Sally Brown & Phil Race, Lecturing: A Practical Guide, p. 78.
The increasing emphasis placed on engaging students in the classroom may confound some faculty who feel that despite their desire to involve students in learning activities, they are compelled to lecture because of class size and a prescribed body of information that must be covered. The curriculum does indeed dictate, to a large extent, teaching strategies, and the lecture, long the primary teaching method of professors, will undoubtedly continue to shape undergraduate education.

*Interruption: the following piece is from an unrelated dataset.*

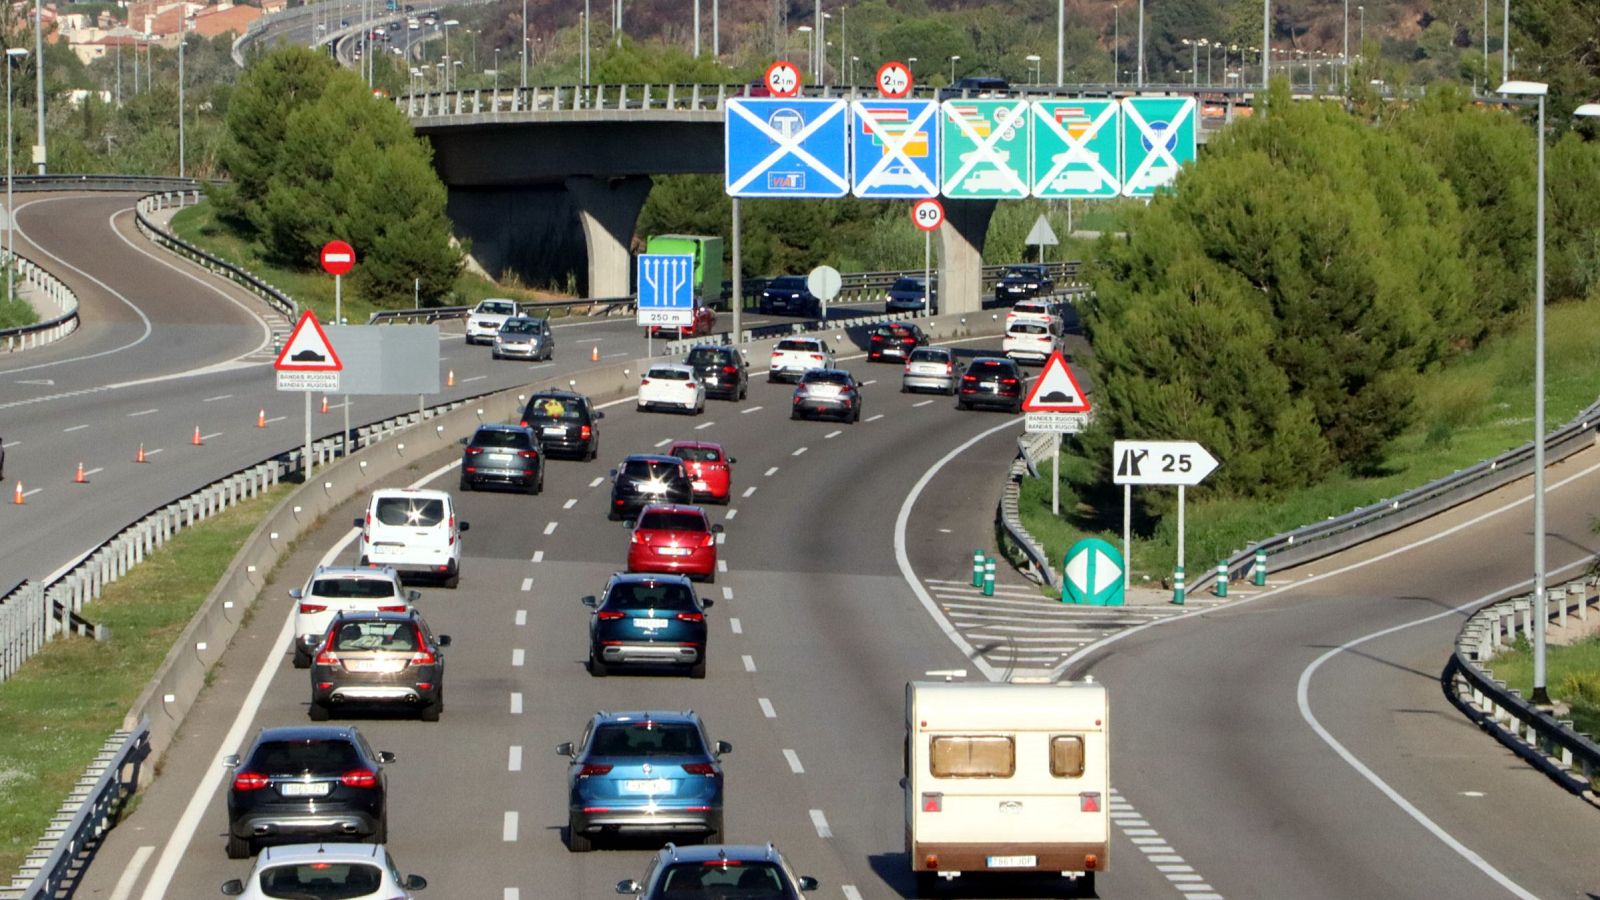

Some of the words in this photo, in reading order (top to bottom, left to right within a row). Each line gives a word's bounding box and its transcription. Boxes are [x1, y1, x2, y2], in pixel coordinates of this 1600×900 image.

Given this inevitability, how can we guarantee that lectures serve our students well, promoting learning and helping to develop crucial thinking skills? Of course there's no simple answer to this question or to the problem posed by a largely passive audience wanting to know what, of the many things we say, will be on the next exam.
Lecturers begin at a disadvantage. As Bligh points out, lectures are most effective at communicating information, but less effective than other teaching strategies in promoting thinking, inspiring interest in a subject, or teaching behavioral skills. But this does not mean that lectures can't motivate students or provide the structured knowledge students need to explore and resolve problems in a discipline. Lectures can pull together information, especially current research, that students might not otherwise encounter, and offer them methods of organizing their reading of textbooks or supplementary material. Enthusiastic lecturers can help motivate students by illustrating why certain issues or concepts are significant-perhaps by relating them to life as we experience it.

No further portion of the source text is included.